[Annotated photo localization data]
%%

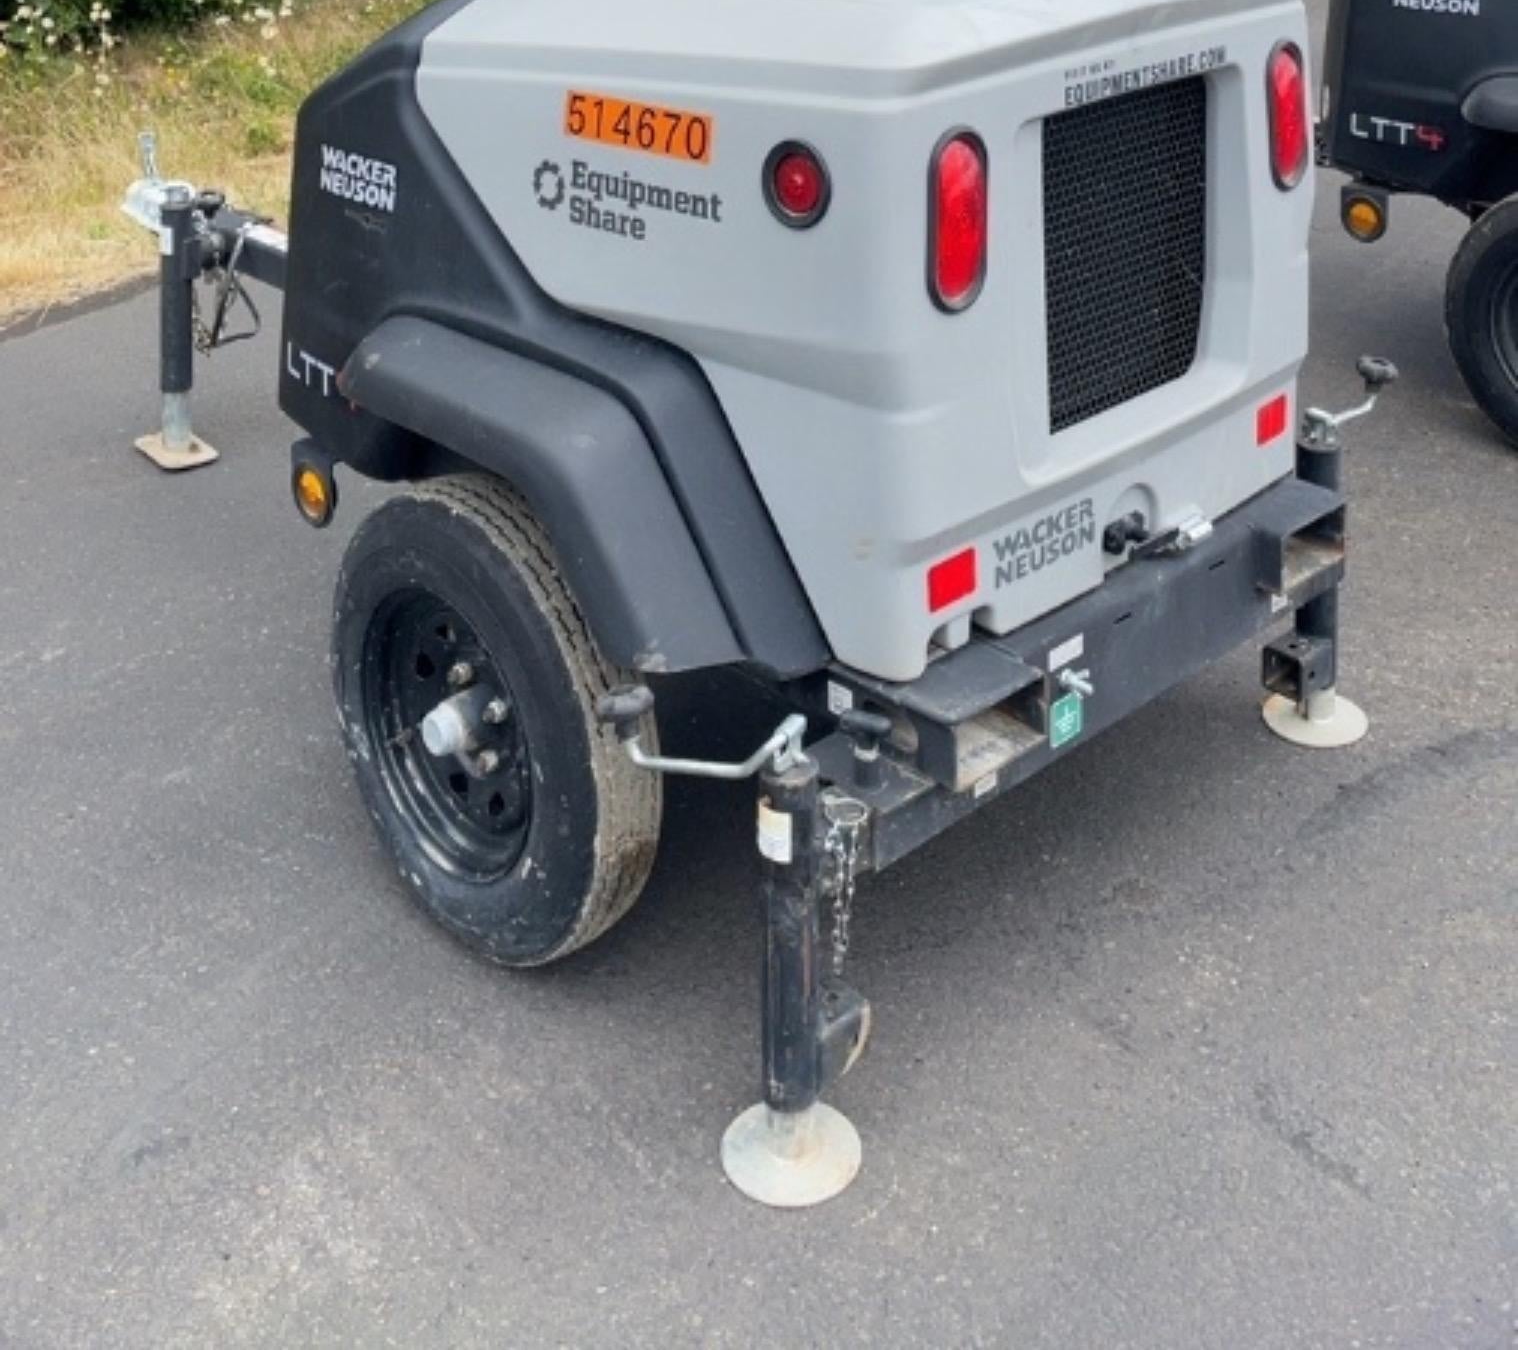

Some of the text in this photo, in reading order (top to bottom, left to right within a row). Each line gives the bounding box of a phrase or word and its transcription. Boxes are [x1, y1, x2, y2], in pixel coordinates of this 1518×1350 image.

[1064, 44, 1227, 108] EQUIPMENTSHARE.COM
[567, 94, 708, 161] 514670
[1351, 112, 1444, 150] LTT4
[321, 143, 397, 190] WACKER
[321, 167, 397, 213] NEUSON
[570, 159, 723, 223] Equipment
[569, 194, 647, 240] Share
[286, 340, 343, 400] LTT
[992, 497, 1095, 562] WACKER
[995, 520, 1096, 590] NEUSON
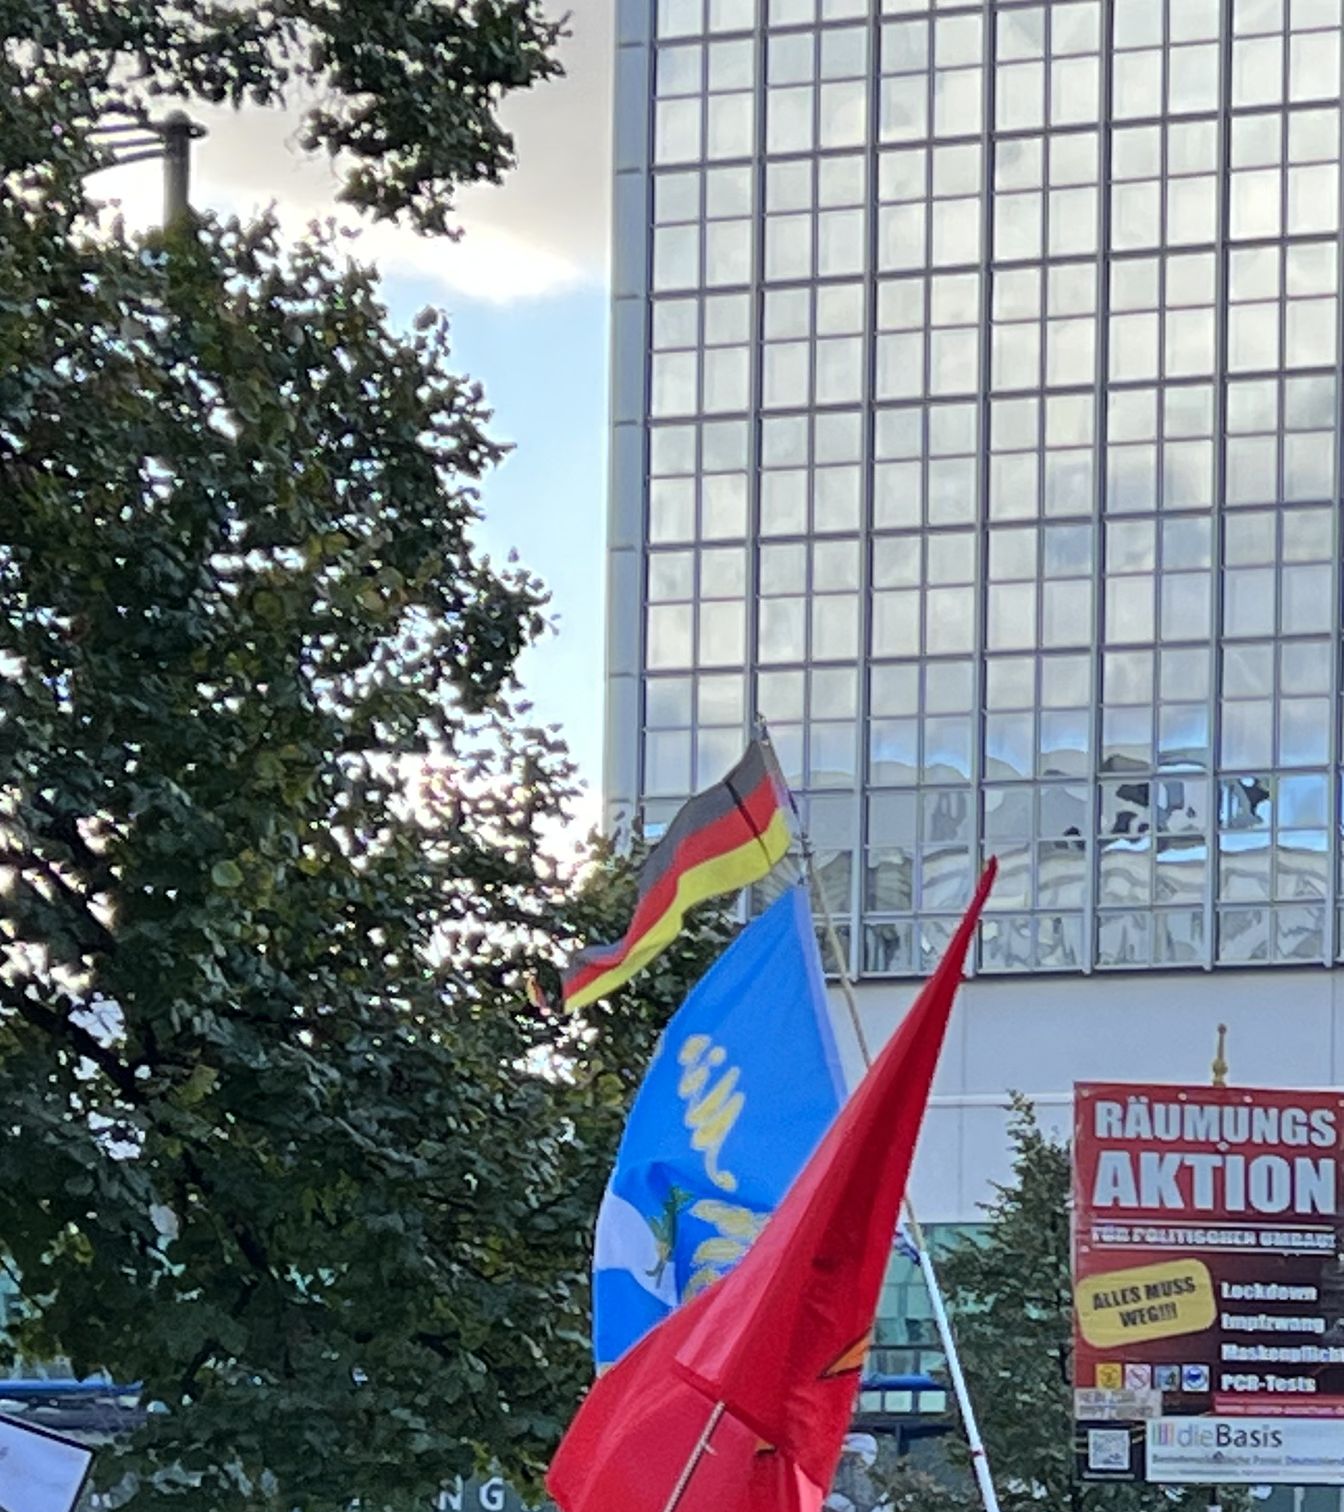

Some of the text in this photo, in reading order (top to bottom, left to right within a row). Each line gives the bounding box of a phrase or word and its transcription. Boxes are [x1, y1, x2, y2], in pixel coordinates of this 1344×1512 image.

[1095, 1095, 1337, 1147] RÄUMUNGS
[1092, 1150, 1336, 1215] AKTION
[1092, 1275, 1197, 1311] ALLES MUSS
[1221, 1281, 1318, 1301] Lockdown
[1118, 1301, 1179, 1328] WEG!!!
[1221, 1373, 1317, 1393] PCR-Tests

%%

Your task =
What you give back should be exactly the lines of the entries above from the one containing "this 1344×1512 image." to the end, and nothing more.

Exercise output =
Some of the text in this photo, in reading order (top to bottom, left to right within a row). Each line gives the bounding box of a phrase or word and its transcription. Boxes are [x1, y1, x2, y2], in pixel coordinates of this 1344×1512 image.

[1095, 1095, 1337, 1147] RÄUMUNGS
[1092, 1150, 1336, 1215] AKTION
[1092, 1275, 1197, 1311] ALLES MUSS
[1221, 1281, 1318, 1301] Lockdown
[1118, 1301, 1179, 1328] WEG!!!
[1221, 1373, 1317, 1393] PCR-Tests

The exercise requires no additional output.